And get a load of her sleight-of-hand: without leaving the stage, she transformed from a poufy purple-blue mini-skirt for “Ur So Gay” to a showgirl bodice with tail-feathers for “Peacock” (an innately filthy word she milks for all it’s worth) and finally a slender flapper gown for a sultry lead-in before “I Kissed a Girl.” As if that weren’t trick enough, she upped the ante during “Hot N Cold,” her outfits almost magically changing colors via rapid removal of layers as she strutted about the stage.
She’s nothing if not a head-turner, whether in her silvery Katy’s Kisses outfit for “California Gurls” or shimmering in strangely padded tights that don’t entirely flatter her legs. Her show comes laced with cat-suits, straight-jacket straps, cream-shooting water-guns and other bits of playful allure that still don’t venture beyond PG-13 fare ”“ and it’s such ridiculously giddy fun that it’s hard to look away, and harder still not to smile.

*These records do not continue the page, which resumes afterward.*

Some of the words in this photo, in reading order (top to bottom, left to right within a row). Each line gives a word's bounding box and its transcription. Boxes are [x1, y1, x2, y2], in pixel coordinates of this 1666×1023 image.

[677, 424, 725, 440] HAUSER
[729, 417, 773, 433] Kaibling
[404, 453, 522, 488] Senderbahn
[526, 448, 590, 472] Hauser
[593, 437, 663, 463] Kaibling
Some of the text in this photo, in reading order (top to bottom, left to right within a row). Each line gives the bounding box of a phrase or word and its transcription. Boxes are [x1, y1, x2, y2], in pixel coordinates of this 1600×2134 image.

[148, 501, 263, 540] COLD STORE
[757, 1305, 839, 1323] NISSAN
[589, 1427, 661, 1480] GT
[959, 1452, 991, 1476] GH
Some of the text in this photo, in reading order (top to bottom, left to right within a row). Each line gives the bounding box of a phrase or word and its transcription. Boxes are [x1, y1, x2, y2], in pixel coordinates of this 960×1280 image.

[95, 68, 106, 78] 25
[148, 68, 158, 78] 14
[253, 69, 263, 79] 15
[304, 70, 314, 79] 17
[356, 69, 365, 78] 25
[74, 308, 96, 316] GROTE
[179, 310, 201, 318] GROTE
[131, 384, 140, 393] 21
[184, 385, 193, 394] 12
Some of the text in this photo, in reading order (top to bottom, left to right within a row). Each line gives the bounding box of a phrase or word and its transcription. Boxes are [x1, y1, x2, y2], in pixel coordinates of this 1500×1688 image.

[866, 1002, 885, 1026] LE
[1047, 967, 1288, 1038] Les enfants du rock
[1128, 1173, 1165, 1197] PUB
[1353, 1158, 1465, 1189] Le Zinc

Yet Perry isn’t as inch-deep as all that seems. For starters, she’s no dope when it comes to her music, which manages to bridge dance-pop and light-rock in ways few other performers have pulled off in the past decade. Swedish star Robyn, who opened with an energetic, superbly received set, is another who can do it and reach the sort of KCRW cool-kids crowd that rebukes Katy.
What they dismiss is the considerable skill that goes into crafting ditties as irresistible as “Teenage Dream” and “Firework” and “Waking Up in Vegas,” all of which Perry principally wrote (like every other song she’s ever recorded). She merits her recent Rolling Stone cover for more than just popularity.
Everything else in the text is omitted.